NEW YORK -- Backlash over a photo that Mets pitcher Matt Harvey posted Tuesday on Twitter prompted the right-hander to delete his popular social media account.
Shortly after Harvey tweeted a photograph of himself making an inappropriate gesture from his hospital bed on the day of his Tommy John surgery, the Mets asked him to remove the photo. Harvey deleted his entire account with more than 100,000 followers instead.
"It was me showing a little bit of my personality before surgery," Harvey said. "I'm not going to apologize for being myself and having a good laugh at a funny little picture. I've kind of had enough with Twitter and not being able to show your personal side. I'll keep those pictures to myself."
Harvey said his mother took the photo in question, and that he was simply trying to relate the excitement he felt over the six-month anniversary of his Tommy John surgery.
"I thought the whole reason for having a Twitter and an Instagram was to be yourself," Harvey said. "It's my personal account. I thought the whole reason to have a Twitter was to put out there a little bit of fun and show your personal side a little bit. But I guess when that gets questioned from a picture or so many wrongdoings, there comes a time when you have to get rid of it.

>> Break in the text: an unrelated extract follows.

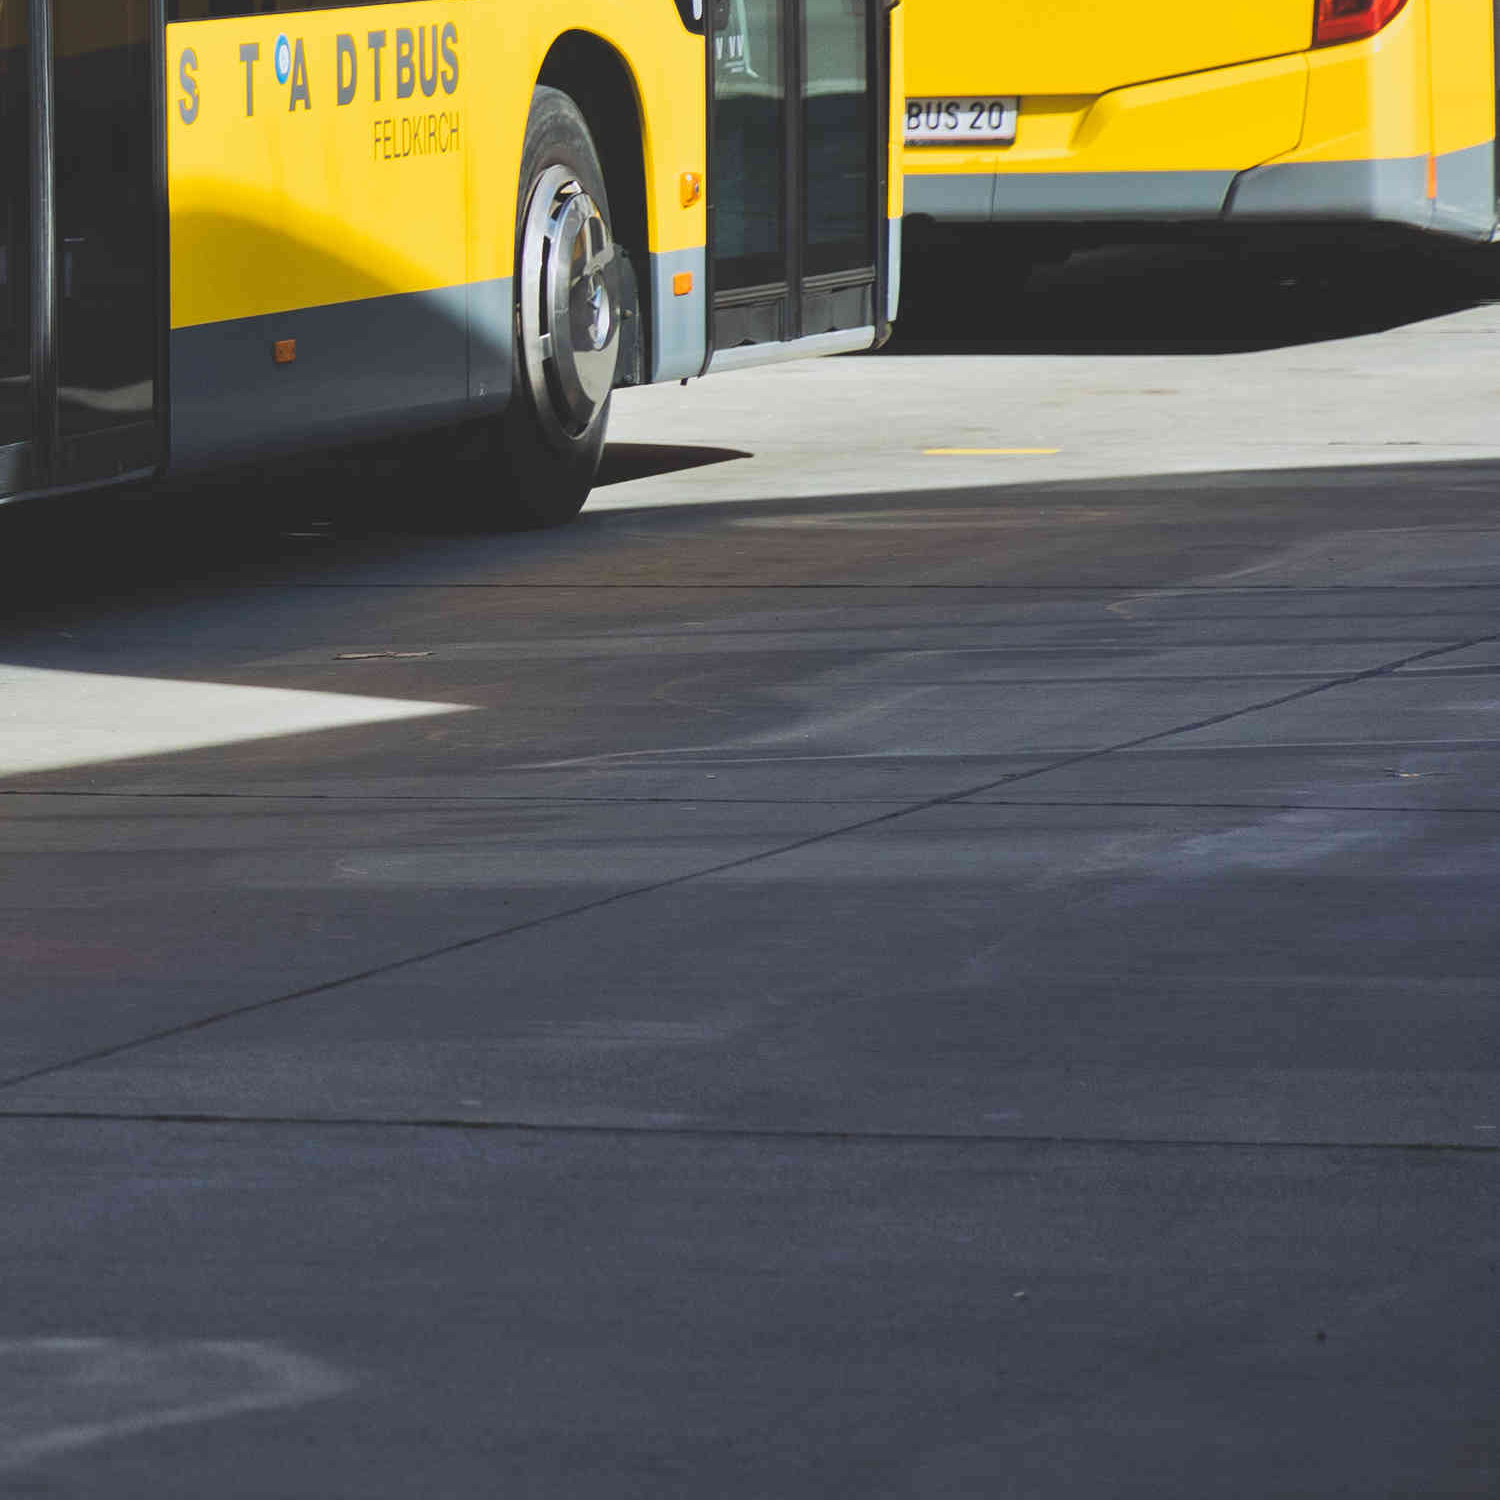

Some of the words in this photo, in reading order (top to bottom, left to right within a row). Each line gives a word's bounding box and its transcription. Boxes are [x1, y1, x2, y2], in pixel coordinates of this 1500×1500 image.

"I honestly didn't think there was anything wrong with it. You listen to the radio and you hear a lot of rap music and things that are a lot worse than what I was showing -- genuine excitement and a little bit of laughter toward a picture that I was looking at this morning. I guess to stop the controversy, deleting the Twitter was an easy out of not worrying about it anymore."
Harvey continues to make progress in his rehab and still considers a September return his goal. He recently struck a deal with the Mets allowing him to base his rehab in New York when the team is home, and in Port St. Lucie, Fla. when the team is on the road.
"The main frustration is not being able to play and pitch," Harvey said. "If there's one thing I'm sorry for, it's not being able to play. That's always going to be on my mind."
Slumping Granderson remains in two-hole
NEW YORK -- Despite Curtis Granderson's ever-deepening slump, the Mets are sticking with him batting second.
Granderson started his third consecutive game in the two-hole Tuesday, as he attempted to work his way out of an 0-for-19 rut. With manager Terry Collins reluctant to shift Lucas Duda into the cleanup spot until Duda grows comfortable as the everyday first baseman, that meant another game batting fourth for second baseman Daniel Murphy.
Granderson has spent significant time in recent days working with hitting coach Dave Hudgens on his plate approach, focusing on swinging only at the balls he can handle.
"I've definitely had some [slumps] over the course of my career," Granderson said. "I don't remember exactly what was the turning point or what caused the turning point, but eventually it did come. That's the one thing I do remember. So I'm continuing to stay positive with all those different things and realizing it is a part of the game."
Mets to monitor workload of Farnsworth
NEW YORK -- The downside of having a 38-year-old closer is that Mets manager Terry Collins never quite knows when Kyle Farnsworth will be unavailable.
Collins is still feeling out how often and how heavily he can use Farnsworth, who recorded his first save as a Met in Monday's 2-0 win over the Cardinals. Unlike injured closer Bobby Parnell, who was able to pitch in as many as three consecutive games without issue, Farnsworth may need a bit more coddling.
"You've got to monitor them," Collins said of his growing group of older players, which includes Farnsworth, Jose Valverde, Bartolo Colon and Bobby Abreu. "When you get to be 40 or so, it just doesn't come back as fast the next day as you'd like it to."
Collins plans to check with Farnsworth daily to see how he feels. On days when the right-hander is unavailable, Valverde, Carlos Torres and even Daisuke Matsuzaka will be candidates to close.
• Outfielder Juan Lagares has been running in Port St. Lucie, but he has no timetable to begin playing in Minor League rehab games. It is unclear whether Lagares, who strained his right hamstring earlier this month, will return from the disabled list when eligible on April 30.
• Collins indicated that he will likely give Abreu his first start in the outfield Thursday against the Cardinals. Collins said he has been eager to give Abreu playing time this week, even if it is only in a pinch-hitting role.